What should endure, she asked rhetorically, in a lecture to a young audience. The profile of our nation is changing so fast, with the huge swell in the youth population. Many of them are highly creative, but confused. She recounted how she had asked her octogenarian dance guru, in a changing world in the midst of a fast paced life, how does one control one’s restless mind? Where is God? “Where is God?” the guru had retorted. “I have not seen him, nor have you. I only know this body and that there is a space within this in my heart where I must search for answers and values that flow from ancient civilisational sources.”
Authority flew naturally from Shanta, dressed flawlessly in handspun with her signature chunky silver jewellery. She was a consultant to the UNESCO in India and on the executive committees of major organisations: Vice Chairperson of the Sangeet Natak Akademy (SNA) till 2015, also of APPAN (Asia Pacific Performing Arts Network), and a member of the executive committee of the India International Centre. She was a member of the prestigious Doordarshan Committee for grading artists and, of course, she wrote some of the most perceptive columns on the arts for the Hindustan Times and The Economic Times.
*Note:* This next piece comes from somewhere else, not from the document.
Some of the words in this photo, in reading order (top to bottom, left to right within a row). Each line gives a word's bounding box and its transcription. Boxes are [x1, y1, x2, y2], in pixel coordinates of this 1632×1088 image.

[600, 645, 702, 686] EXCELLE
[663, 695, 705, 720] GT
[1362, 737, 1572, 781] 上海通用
She was conferred the lifetime achievement award by the SNA. Her book Indian Dance: The Ultimate Metaphor has been on the best-selling list of amazon.com for over a decade.
I first met Shanta in the early ’90s when she was one of the most sought after art critics in the English media. I told her that I would not be able to pay her what the English publications were paying, but I could guarantee her excellent translation and a new, larger audience in my Hindi publication. Shanta subjected me and my credentials to close scrutiny and finally, with her trademark warm smile, said she would. The relationship continued and by the time I quit to join TV, Shanta and her husband were friends I sought out whenever I needed to clear my head.
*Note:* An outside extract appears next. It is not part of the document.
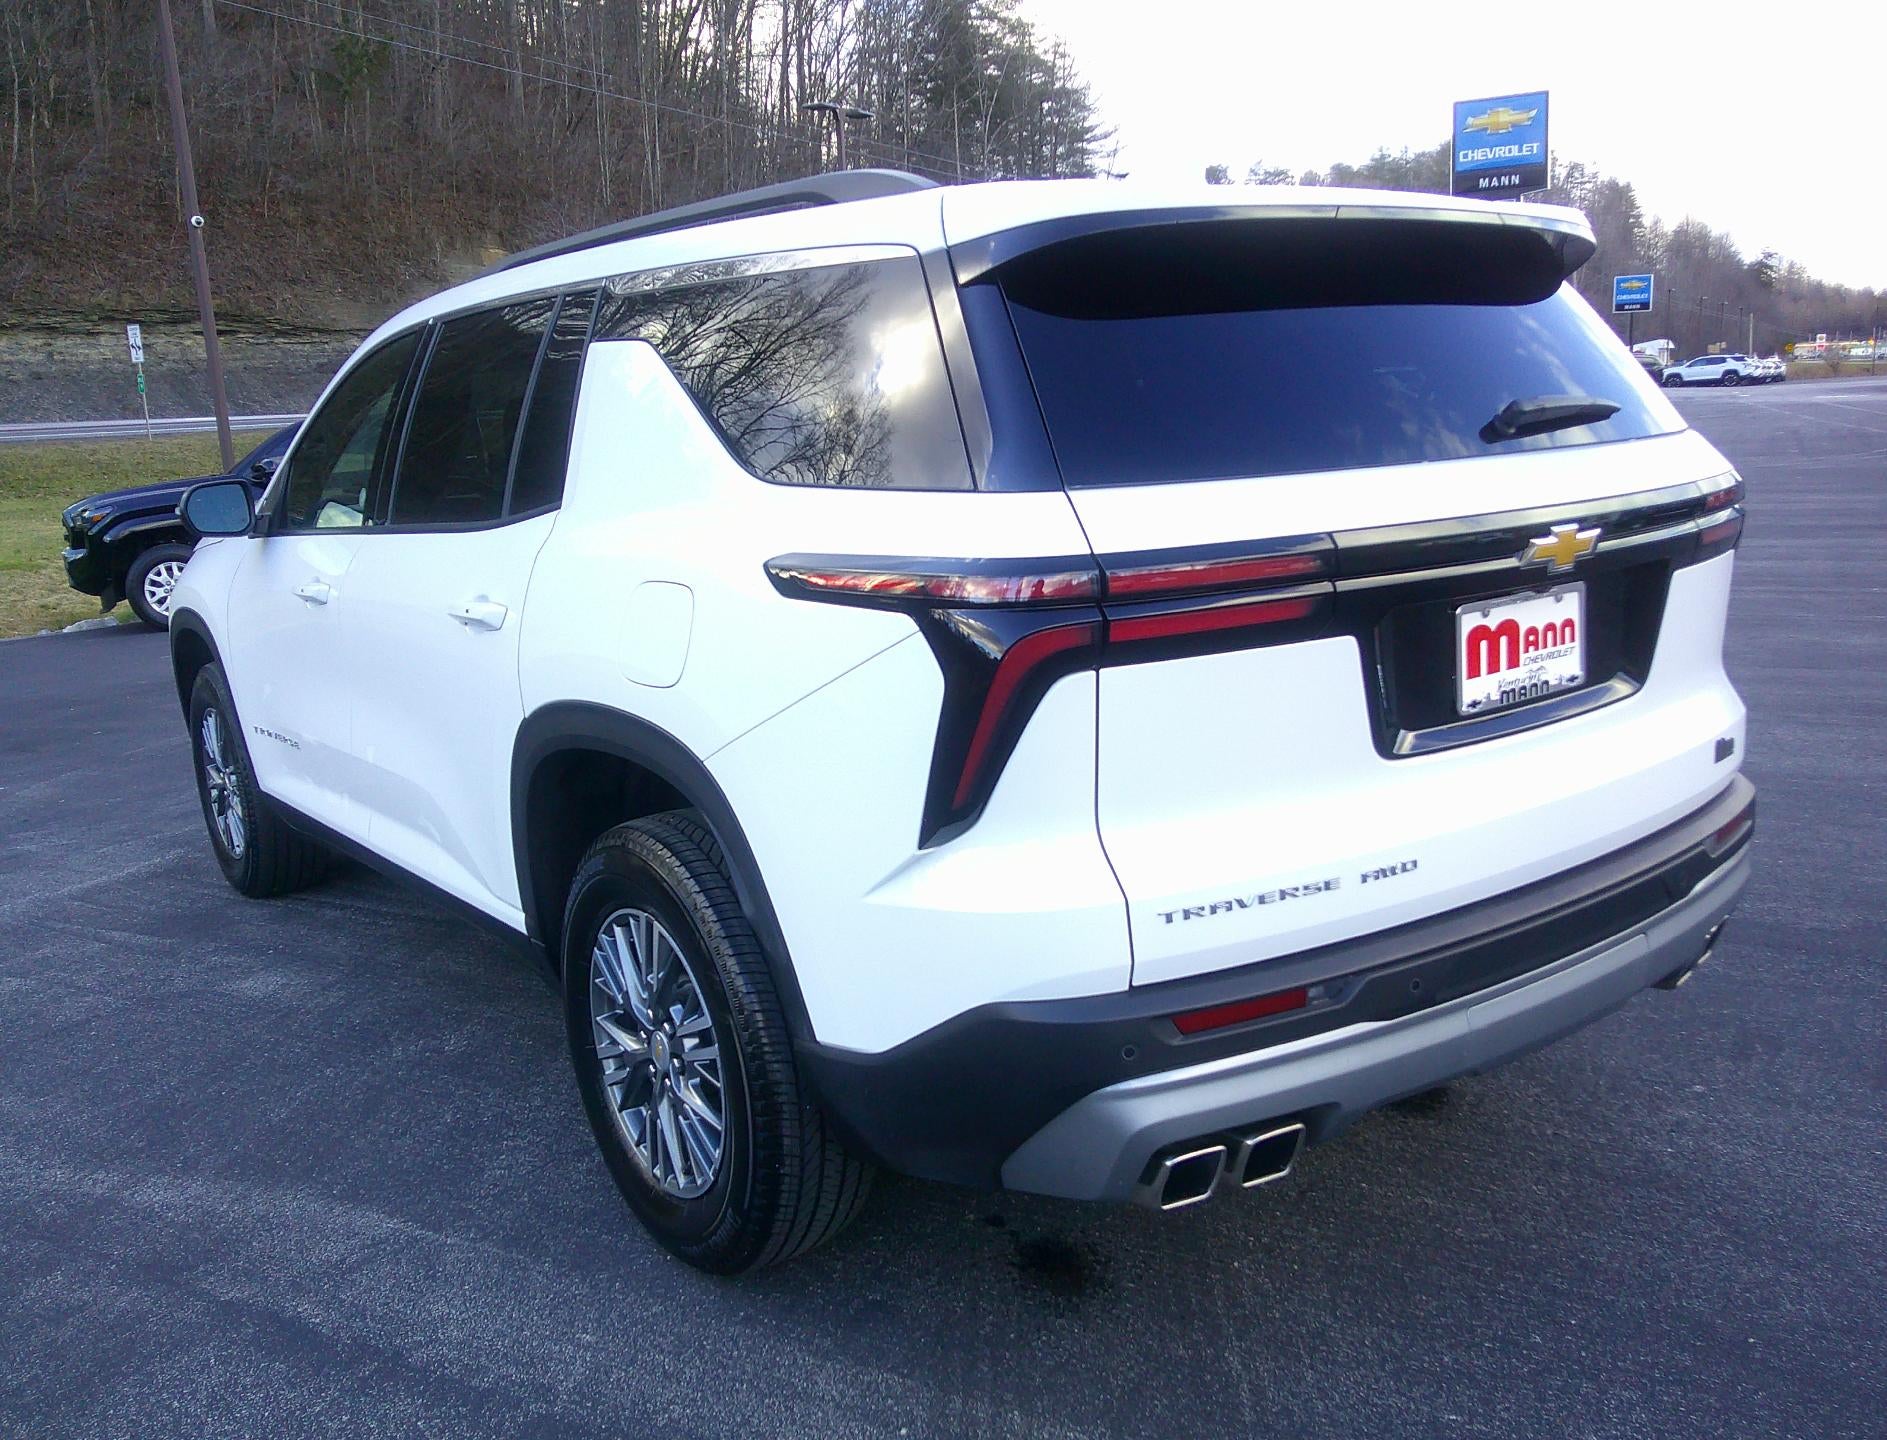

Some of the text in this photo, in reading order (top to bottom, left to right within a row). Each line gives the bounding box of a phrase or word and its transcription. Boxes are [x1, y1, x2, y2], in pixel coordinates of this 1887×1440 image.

[1459, 143, 1540, 162] CHEVROLET
[1479, 174, 1520, 189] MANN
[1522, 646, 1576, 666] CHEVROLET
[1157, 859, 1418, 924] TRAVERSE AWD
When 17 of us, women in the media, decided to create a watering hole for women journalists, we roped in Shanta. The Indian Women’s Press Corps (IWPC) was born in September 1995 and Shanta was to become one of the moving spirits during its nascent years, organising, advising, scolding, resolving disputes and holding hands. Until failing health made it hard for her to move about, she took an active interest in the IWPC, urging us not to abandon it even if our work and personal lives were demanding.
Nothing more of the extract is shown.